Grab the 2012 political convention data set and preview it¶

In [3]:

convention_df = st.SampleCorpora.ConventionData2012.get_data()

In [4]:

convention_df.iloc[0]

Out[4]:

party                                               democrat
speaker                                         BARACK OBAMA
text       Thank you. Thank you. Thank you.
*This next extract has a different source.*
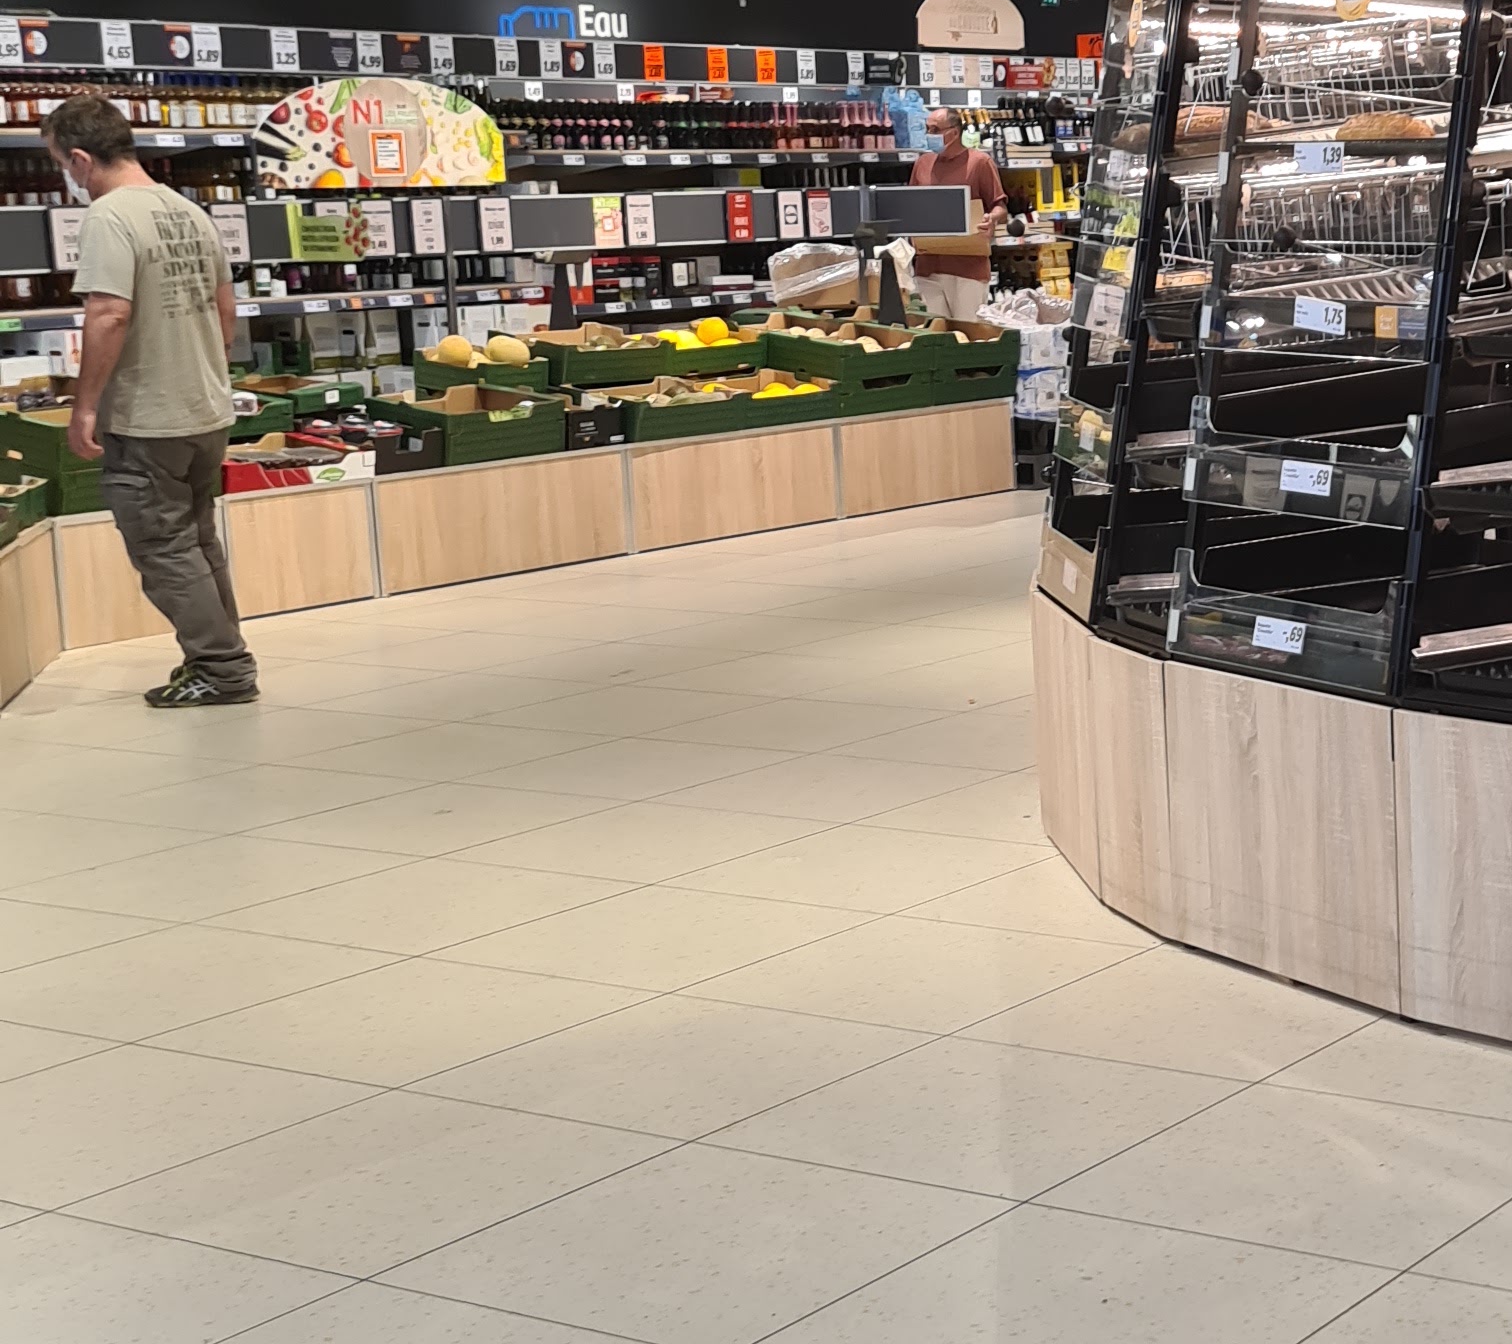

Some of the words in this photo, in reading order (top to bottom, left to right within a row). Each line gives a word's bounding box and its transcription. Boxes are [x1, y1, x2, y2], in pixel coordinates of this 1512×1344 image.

Thank you so ...
Name: 0, dtype: object

In [5]:

print("Document Count")
print(convention_df.groupby('party')['text'].count())
print("Word Count")
convention_df.groupby('party').apply(lambda x: x.text.apply(lambda x: len(x.split())).sum())
convention_df['parsed'] = convention_df.text.apply(nlp)

Document Count
party
democrat      123
republican     66
Name: text, dtype: int64
Word Count

Turn it into a Scattertext corpus, and have spaCy parse it.¶

In [6]:

corpus = st.CorpusFromParsedDocuments(convention_df, category_col='party', parsed_col='parsed').build()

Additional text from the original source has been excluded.